Your task: Please repeat the entries exactly as they appear and omit any images.

Records for this exercise:
○ ○ ○ ○ ○
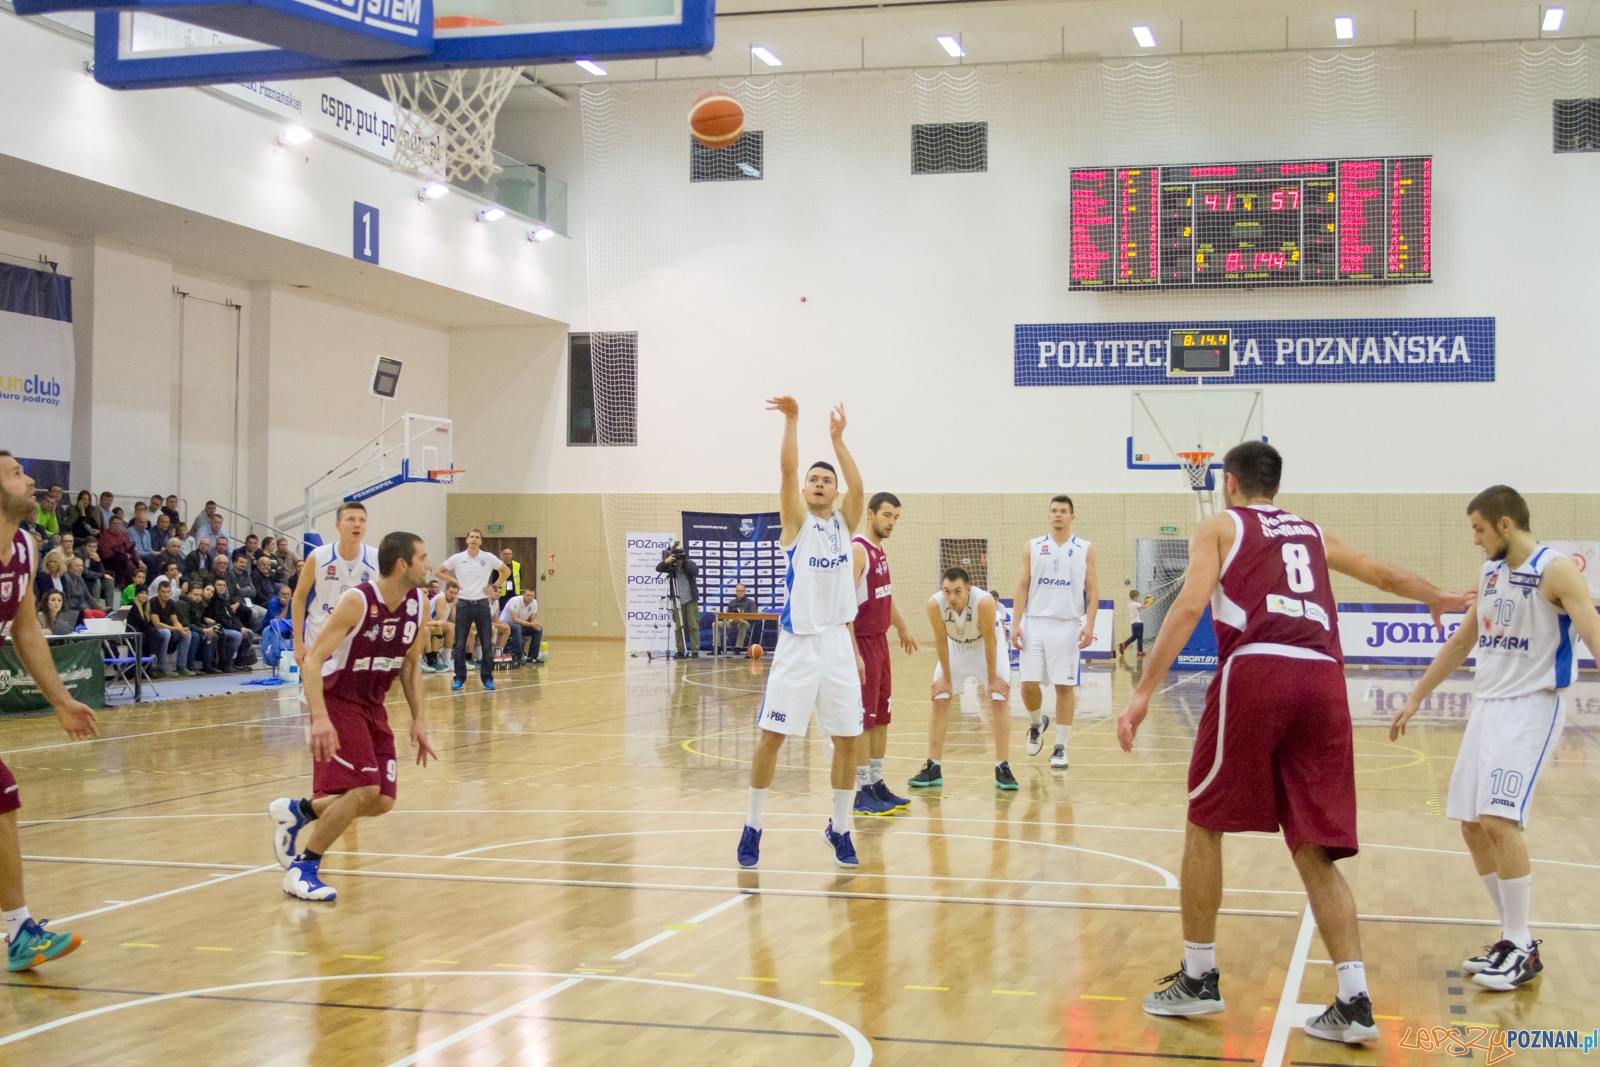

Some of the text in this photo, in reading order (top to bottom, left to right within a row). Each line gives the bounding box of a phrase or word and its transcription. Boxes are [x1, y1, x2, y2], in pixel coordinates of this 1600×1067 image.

[1186, 197, 1192, 207] 1
[1204, 193, 1234, 212] 41
[1244, 202, 1252, 210] 4
[1271, 190, 1300, 211] 57
[1326, 192, 1335, 203] 3
[362, 212, 372, 257] 1
[1183, 226, 1192, 237] 2
[1326, 223, 1335, 232] 4
[1196, 253, 1204, 263] 0
[1291, 250, 1300, 261] 2
[1275, 330, 1471, 366] POZNAŃSKA
[352, 480, 394, 500] PESMENPOL
[1053, 559, 1060, 573] 1
[1281, 542, 1315, 594] 8
[1494, 598, 1515, 627] 10
[402, 621, 418, 645] 9
[770, 710, 786, 722] PBG
[386, 759, 397, 782] 9
[1491, 768, 1523, 798] 10
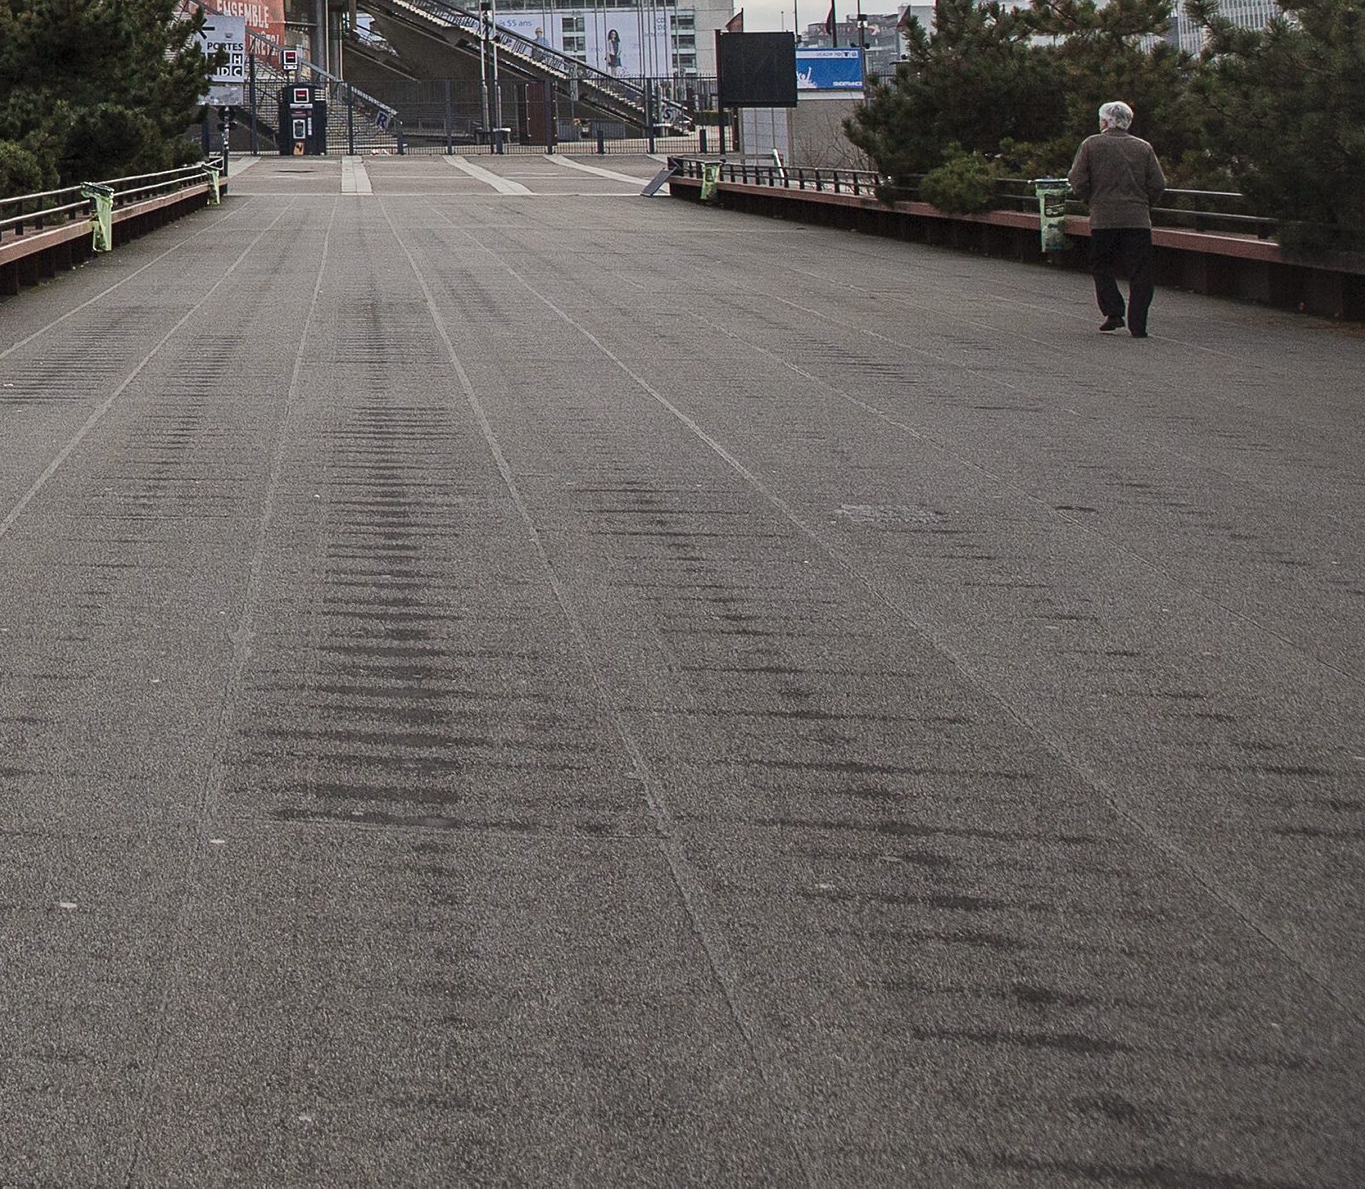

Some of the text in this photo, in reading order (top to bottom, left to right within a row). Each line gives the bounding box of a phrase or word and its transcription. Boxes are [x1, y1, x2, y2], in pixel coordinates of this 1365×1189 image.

[233, 54, 241, 65] H
[220, 66, 229, 77] D
[233, 66, 241, 77] C
○ ○ ○ ○ ○
Exercise output:
Some of the text in this photo, in reading order (top to bottom, left to right within a row). Each line gives the bounding box of a phrase or word and its transcription. Boxes are [x1, y1, x2, y2], in pixel coordinates of this 1600×1067 image.

[1186, 197, 1192, 207] 1
[1204, 193, 1234, 212] 41
[1244, 202, 1252, 210] 4
[1271, 190, 1300, 211] 57
[1326, 192, 1335, 203] 3
[362, 212, 372, 257] 1
[1183, 226, 1192, 237] 2
[1326, 223, 1335, 232] 4
[1196, 253, 1204, 263] 0
[1291, 250, 1300, 261] 2
[1275, 330, 1471, 366] POZNAŃSKA
[352, 480, 394, 500] PESMENPOL
[1053, 559, 1060, 573] 1
[1281, 542, 1315, 594] 8
[1494, 598, 1515, 627] 10
[402, 621, 418, 645] 9
[770, 710, 786, 722] PBG
[386, 759, 397, 782] 9
[1491, 768, 1523, 798] 10

Some of the text in this photo, in reading order (top to bottom, left to right within a row). Each line gives the bounding box of a phrase or word and its transcription. Boxes are [x1, y1, x2, y2], in pixel coordinates of this 1365×1189 image.

[233, 54, 241, 65] H
[220, 66, 229, 77] D
[233, 66, 241, 77] C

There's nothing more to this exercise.